Pharmaceutical Research Center, Pharmaceutical Technology Institute, Mashhad University of Medical Sciences, Mashhad, Iran.
Nanotechnology Research Center, Pharmaceutical Technology Institute, Mashhad University of Medical Sciences, Mashhad, Iran.
Sci Rep. 2023 Oct 21;13(1):18012. doi: 10.1038/s41598-023-43689-4.
Liposome nanoparticles have emerged as promising drug delivery systems due to their unique properties. Assessing particle size and polydispersity index (PDI) is critical for evaluating the quality of these liposomal nanoparticles. However, optimizing these parameters in a laboratory setting is both costly and time-consuming. This study aimed to apply a machine learning technique to assess the impact of specific factors, including sonication time, extrusion temperature, and compositions, on the size and PDI of liposomal nanoparticles. Liposomal solutions were prepared and subjected to sonication with varying values for these parameters. Two compositions: (A) HSPC:DPPG:Chol:DSPE-mPEG2000 at 55:5:35:5 molar ratio and (B) HSPC:Chol:DSPE-mPEG2000 at 55:40:5 molar ratio, were made using remote loading method. Ensemble learning (EL), a machine learning technique, was employed using the Least-squares boosting (LSBoost) algorithm to accurately model the data. The dataset was randomly split into training and testing sets, with 70% allocated for training. The LSBoost algorithm achieved mean absolute errors of 1.652 and 0.0105 for modeling the size and PDI, respectively. Under conditions where the temperature was set at approximately 60 °C, our EL model predicted a minimum particle size of 116.53 nm for composition (A) with a sonication time of approximately 30 min. Similarly, for composition (B), the model predicted a minimum particle size of 129.97 nm with sonication times of approximately 30 or 55 min. In most instances, a PDI of less than 0.2 was achieved.
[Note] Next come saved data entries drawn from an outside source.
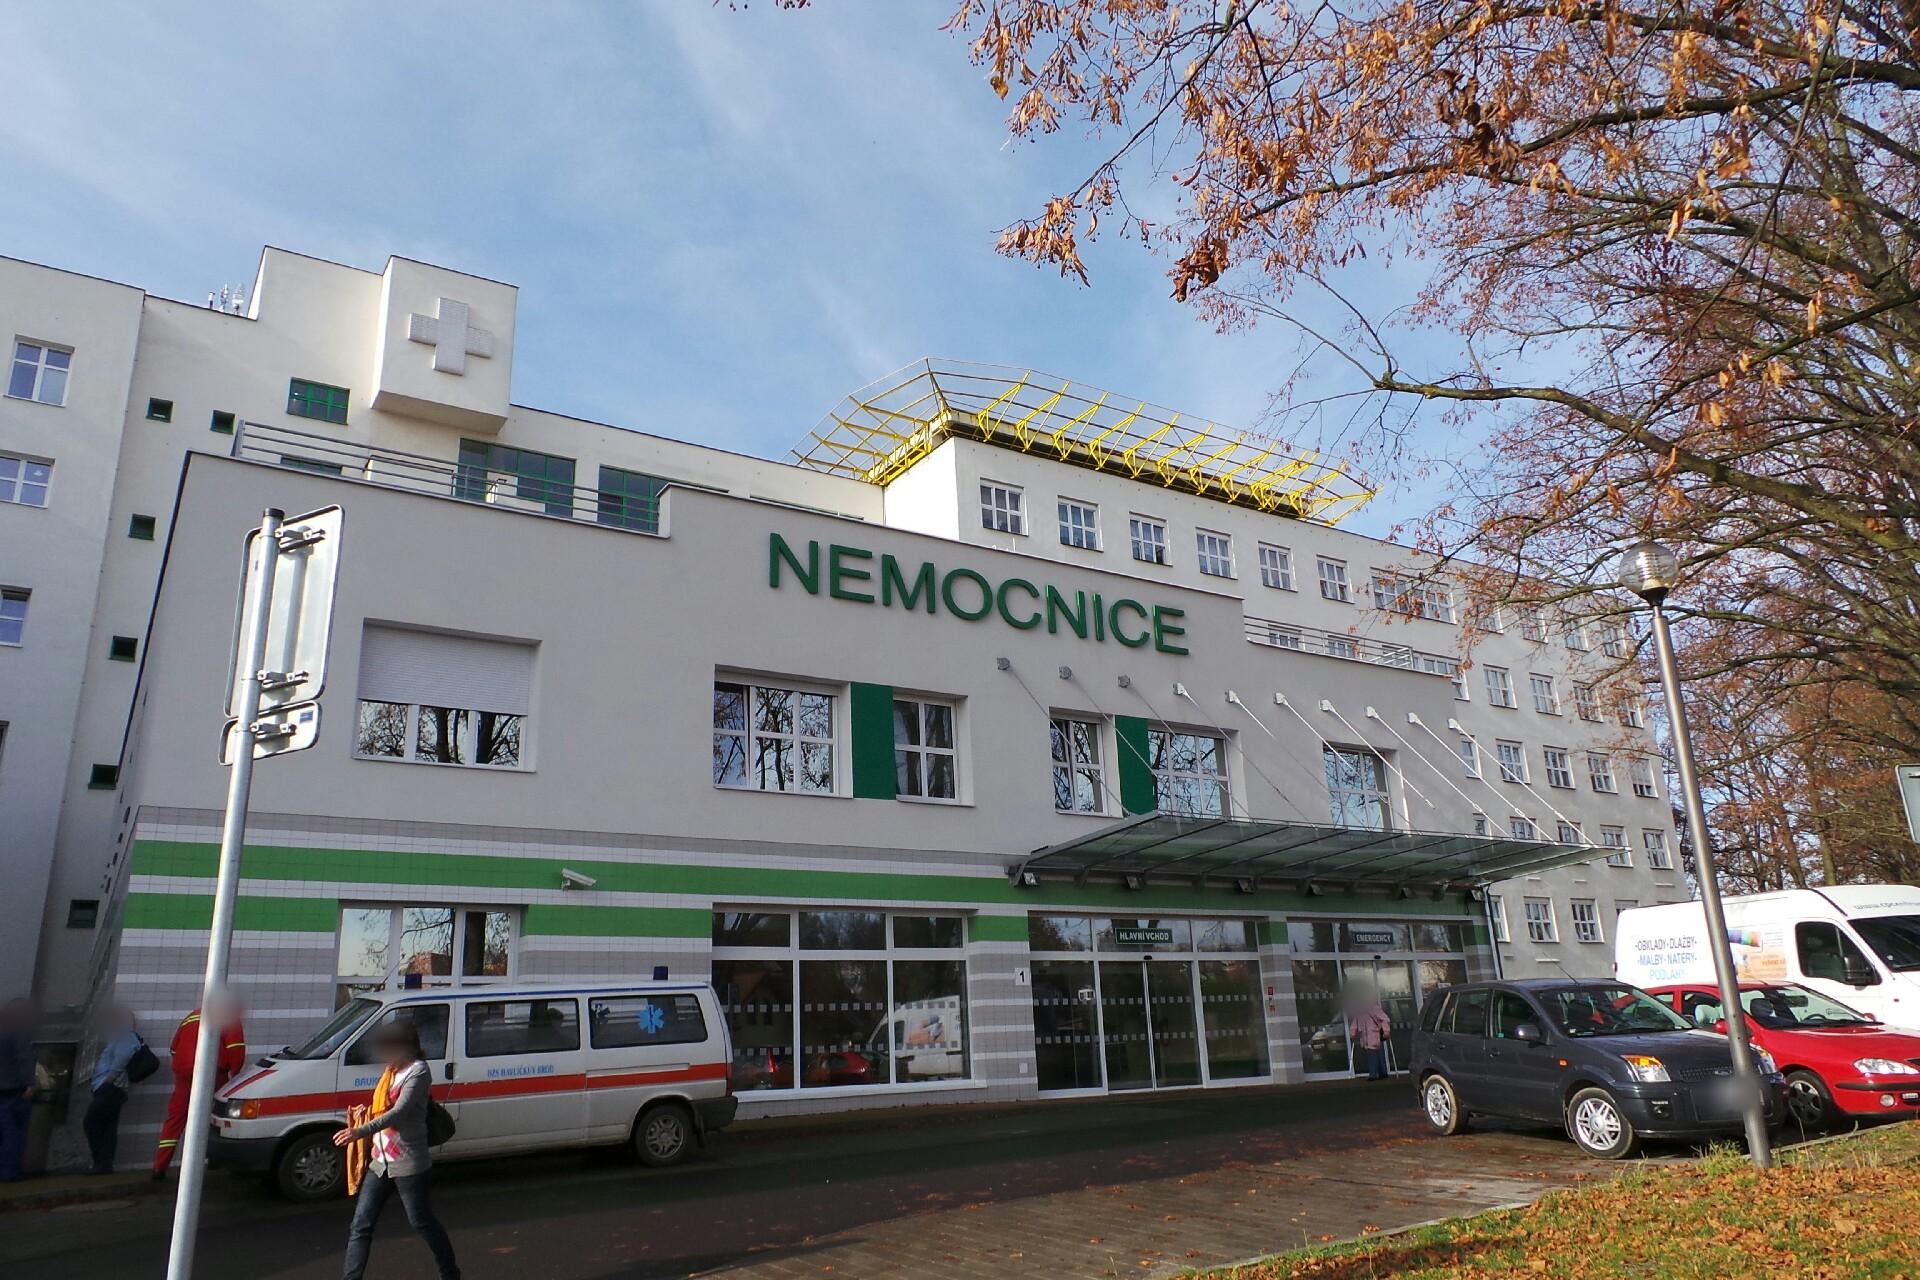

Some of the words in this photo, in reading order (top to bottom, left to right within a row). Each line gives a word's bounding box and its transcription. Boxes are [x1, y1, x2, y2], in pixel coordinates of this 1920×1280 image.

[769, 532, 1189, 655] NEMOCNICE
[1119, 930, 1145, 941] HLAVNÍ
[1145, 932, 1170, 941] VCHOD
[1355, 934, 1392, 943] EMERGENCY
[1019, 970, 1025, 983] 1
[354, 1077, 381, 1088] BAUK
These results highlight the significant impact of optimizing independent factors on the characteristics of liposomal nanoparticles and demonstrate the potential of EL as a decision support system for identifying the best liposomal formulation. We recommend further studies to explore the effects of other independent factors, such as lipid composition and surfactants, on liposomal nanoparticle characteristics.
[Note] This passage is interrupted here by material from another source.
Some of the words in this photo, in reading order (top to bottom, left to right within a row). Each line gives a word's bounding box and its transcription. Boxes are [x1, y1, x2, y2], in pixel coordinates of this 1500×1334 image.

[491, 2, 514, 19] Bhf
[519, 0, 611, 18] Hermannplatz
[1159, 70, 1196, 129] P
脂质体纳米粒由于其独特的性质而成为有前途的药物传递系统。评估粒径和多分散指数(PDI)对于评估这些脂质体纳米粒的质量至关重要。然而,在实验室环境中优化这些参数既昂贵又耗时。本研究旨在应用机器学习技术评估特定因素(包括超声时间、挤出温度和组成)对脂质体纳米粒大小和 PDI 的影响。制备脂质体溶液,并对这些参数进行不同值的超声处理。两种组成物:(A)HSPC:DPPG:Chol:DSPE-mPEG2000 摩尔比为 55:5:35:5 和(B)HSPC:Chol:DSPE-mPEG2000 摩尔比为 55:40:5,使用远程加载法制备。采用最小二乘提升(LSBoost)算法的集成学习(EL)机器学习技术对数据进行准确建模。数据集随机分为训练集和测试集,70%用于训练。LSBoost 算法对粒径和 PDI 的建模分别实现了 1.652 和 0.0105 的平均绝对误差。在温度设定在 60°C 左右的条件下,我们的 EL 模型预测组成物(A)的最小粒径为 116.53nm,超声时间约为 30min。类似地,对于组成物(B),模型预测最小粒径为 129.97nm,超声时间约为 30 或 55min。在大多数情况下,PDI 低于 0.2。这些结果突出了优化独立因素对脂质体纳米粒特性的显著影响,并展示了 EL 作为确定最佳脂质体配方的决策支持系统的潜力。我们建议进一步研究探索脂质组成和表面活性剂等其他独立因素对脂质体纳米粒特性的影响。